Question: Gene set Testing with Limma for Agilent IDs probes?
0
gravatar for amalbouzid.ing
2.4 years ago by
amalbouzid.ing0 wrote:

Hi all,

I'm studying Agilent Human Gene Expression one color microarray using Limma. It results significant probes with the topTable function but then I didn't succed to do the conversion of my identifiers with "ids2indices" function? nor later the gene set testing?

Please, find below my code, I'm new to Limma what am I doing wrong??
Thanks,

Best,

Amal

 

##

>require("TxDb.Hsapiens.UCSC.hg19.knownGene")

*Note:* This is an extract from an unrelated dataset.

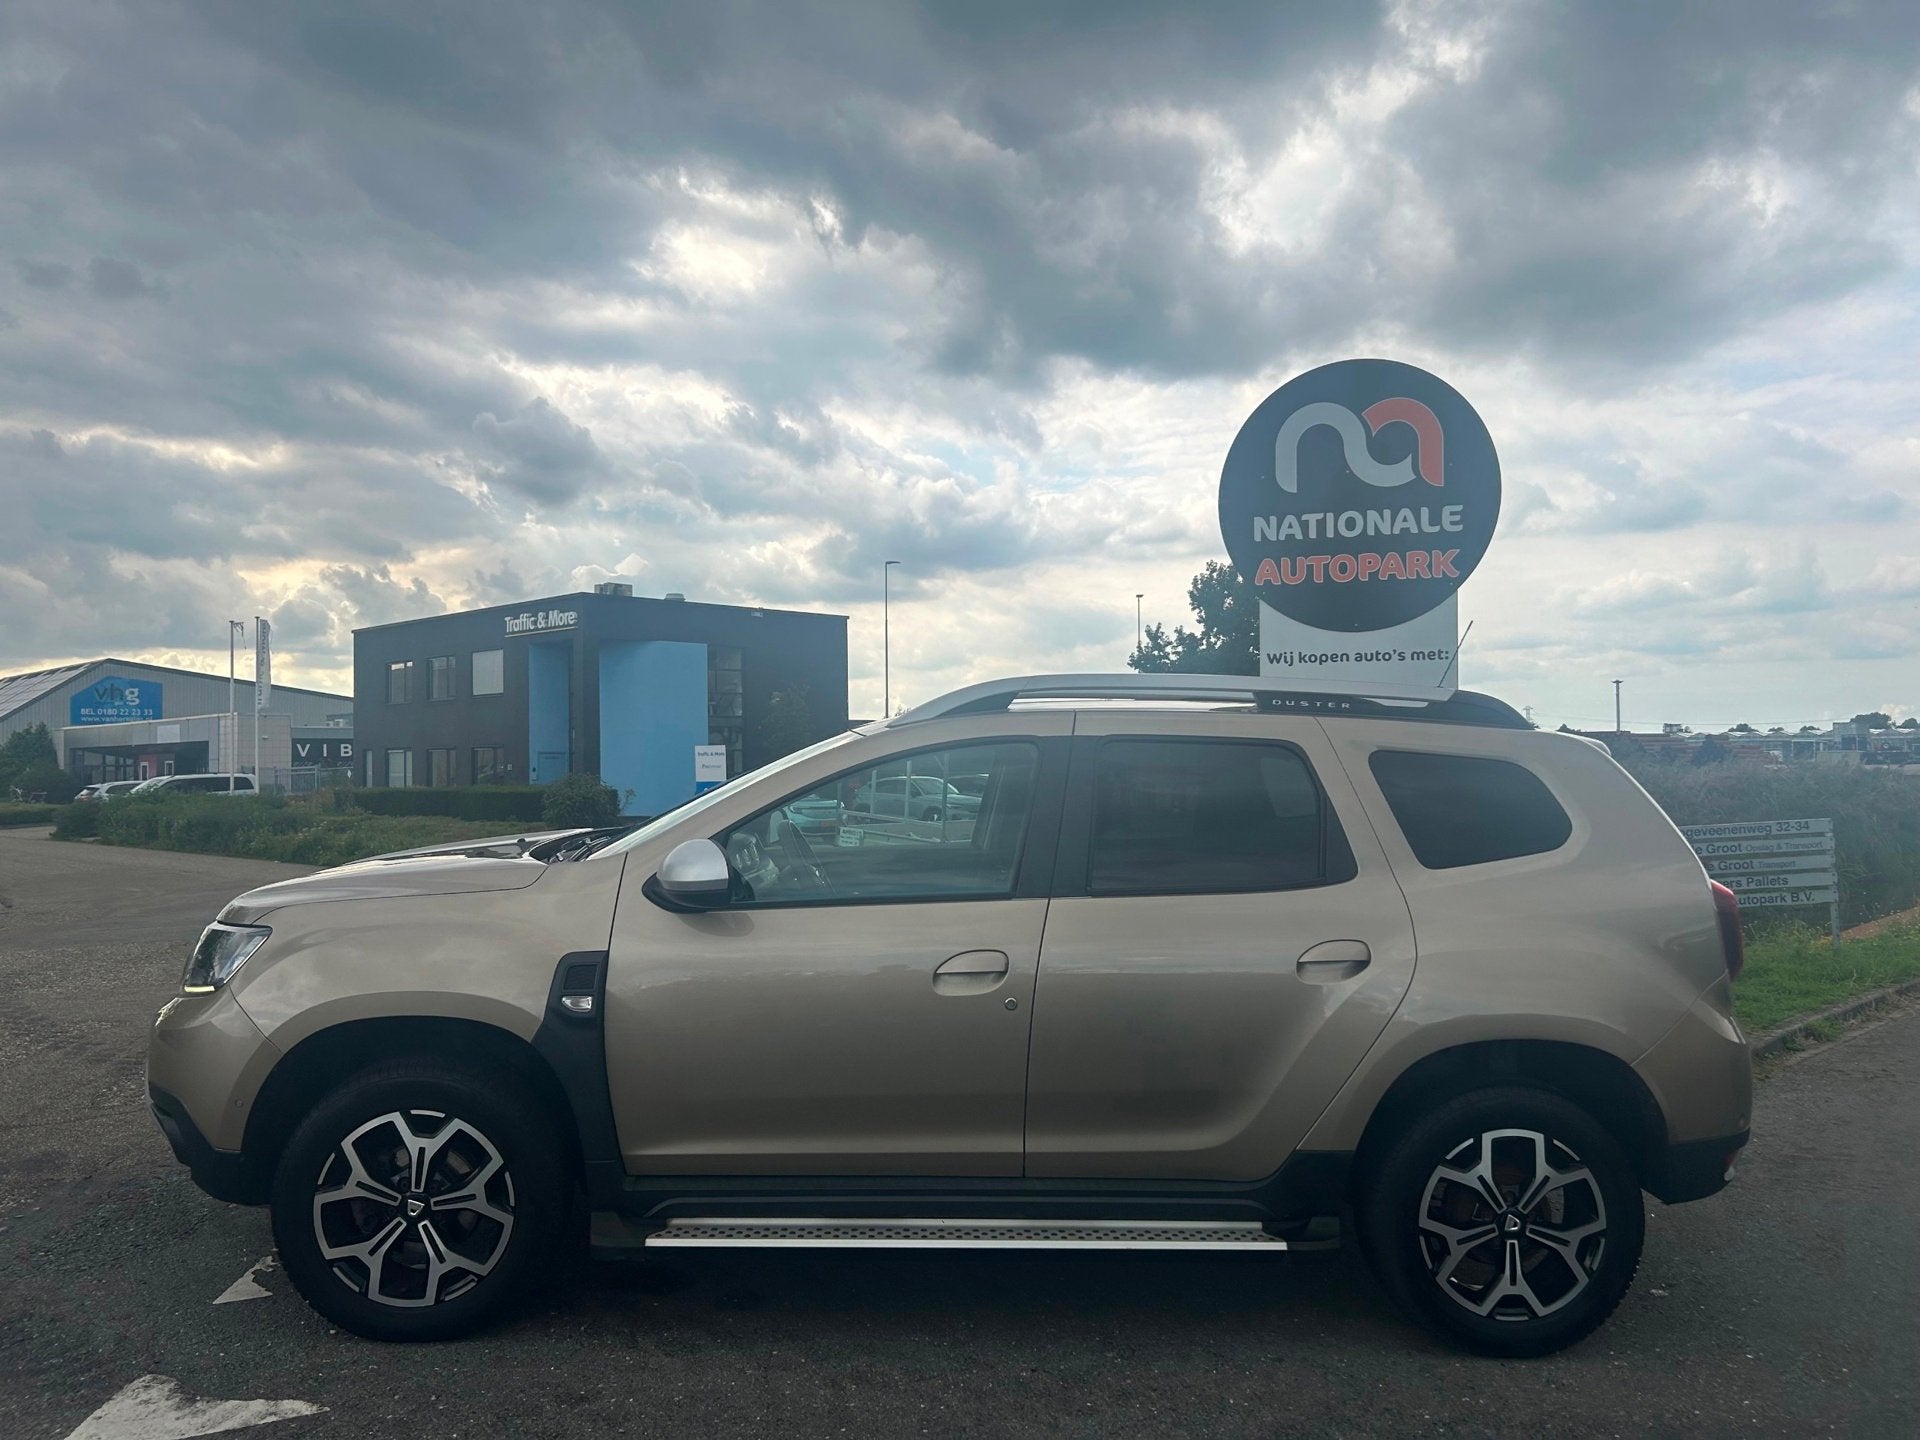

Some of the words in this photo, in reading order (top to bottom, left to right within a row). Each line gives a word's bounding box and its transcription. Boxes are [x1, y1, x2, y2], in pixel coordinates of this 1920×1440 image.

>humangenes<-genes(TxDb.Hsapiens.UCSC.hg19.knownGene) 

or

>download.file("http://bioinf.wehi.edu.au/software/MSigDB/human_c2_v5p2.rdata","human_c2_v5p2.rdata")
>load("human_c2_v5p2.rdata")
>summary(Hs.c2)

>SystematicName.allgenes <- myresults$genes$SystematicName

#Agilent SystematicName look like:

> SystematicName.allgenes[(1:10)]
 [1] "NM_004333"       "NM_015987"       "NM_024604"       "NM_178829"      
 [5] "ENST00000429990" "NM_001040196"    "NM_030961"       "NM_033081"      
 [9] "NM_020188"       "NM_012318" 

>indices.genes <- ids2indices(humangenes$gene_id, SystematicName.allgenes,remove.empty=TRUE)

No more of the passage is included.